Even if your family always visits the same campground every summer, this might be a good time to switch things up — especially if you’re worried there will be tearful complaints of how it’s not the same. With some campgrounds limiting their activities and keeping certain facilities closed for the season, make sure you’re choosing a destination that’s going to be a good fit for your family this summer.

Practise driving

If you’re not normally a camper but the pandemic has inspired you to give it a try this summer by renting an RV, consider driving it in an empty parking lot before you leave for the big trip. It can take a bit of time to get comfortable turning and manoeuvring an RV, especially in a campground’s tight quarters.

Tip: When you make your reservation, ask for a pull-through site. Otherwise, you might provide a lot of entertainment for nearby campers watching you sweat through a complicated turn.

Bring your own sanitizers

Even if you normally pack light for camping, this is a summer where you’ll want to arrive armed with hand sanitizer, disinfecting wipes, spray cleaners, paper towels and lots of soap. Bring along masks for every member of the family, even if you’re pretty sure you won’t need them.

Pre-plan meals 

RV fridges can be small and it’s tough to keep much in a cooler, but do your best to bring the groceries you’ll need for your trip. It will save you from needing to run to the on-site store (if it’s even open to shoppers) or trying to navigate an unfamiliar grocery store nearby. Remember, the less contact you have with people right now, the safer you’ll be.

Respect campground rules

Everyone is just doing their best to stay safe right now and it’s important to be respectful of how your hosts want you to behave. Face masks may be required in public areas, like the main office, and there may be new rules about not moving picnic tables or not visiting other people’s lots. If a certain hiking trail is closed, it might be because it’s too narrow for hikers to pass safely. Try to be understanding.

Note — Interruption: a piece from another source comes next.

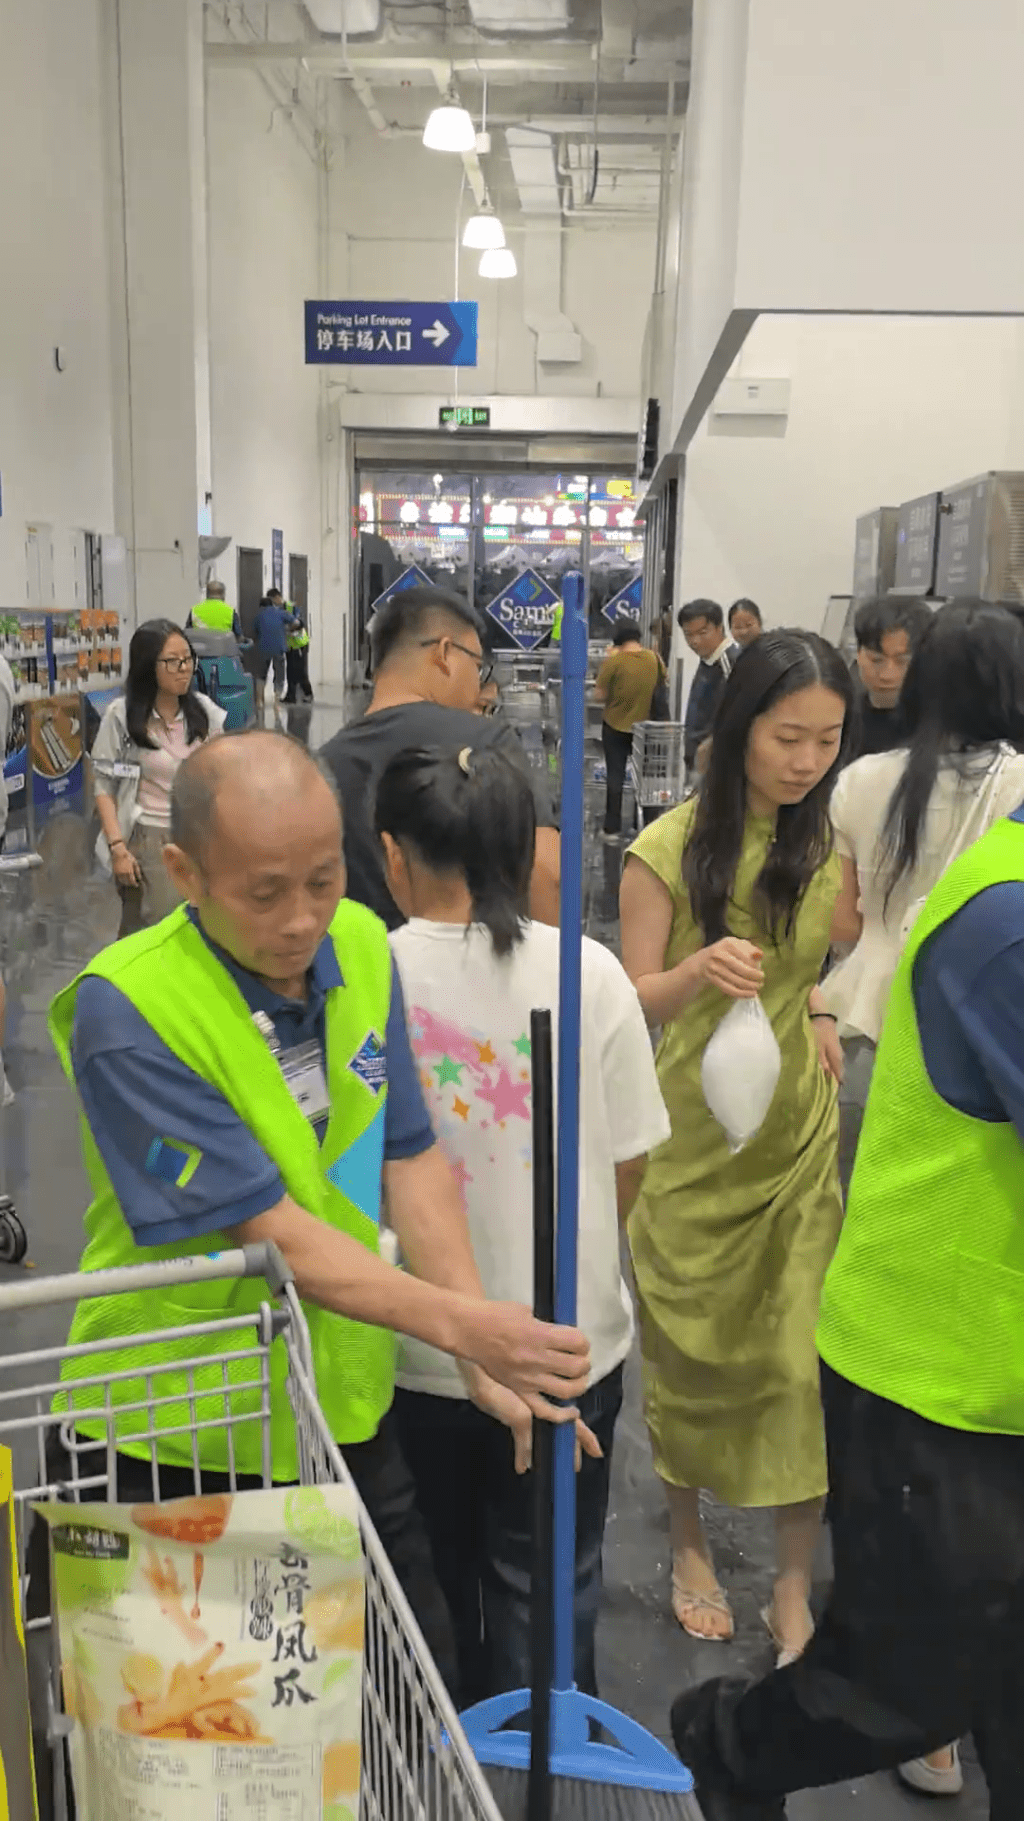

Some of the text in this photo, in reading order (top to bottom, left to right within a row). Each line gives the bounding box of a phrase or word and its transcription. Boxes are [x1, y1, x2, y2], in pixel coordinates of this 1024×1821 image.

[317, 313, 412, 327] Parking Lot Entrance
[317, 329, 412, 351] 停车场入口

Remember to social distanc

Just because you’re in a new, outdoorsy atmosphere doesn’t mean the rules no longer apply. Be cautious about who enters your tent or RV, since those spaces are too cramped to be able to stay two metres apart.

Be mindful of shared surfaces

Many campgrounds are open for people with RVs, but not those sleeping in tents because of the risk of sharing public washrooms. If you’re at a campground that’s allowing you to use a public washroom, consider bringing your own disinfecting wipes so you can clean door handles and taps before touching them. It wouldn’t be a bad idea to bring your own toilet paper and soap, either.

Friendliness is not cancelled

Camping can be a very social activity and it’s still fine to talk to your fellow campers. If campfires are allowed and it’s permitted to have other people on your lot, you can make sure everyone’s sitting far enough away to be safe (but still close enough to chat under the stars and enjoy the fire together).

While camping is certainly going to look different this summer, the same could be said for just about everything. But with a little extra preparation and a positive attitude, your next camping trip can still be a great experience.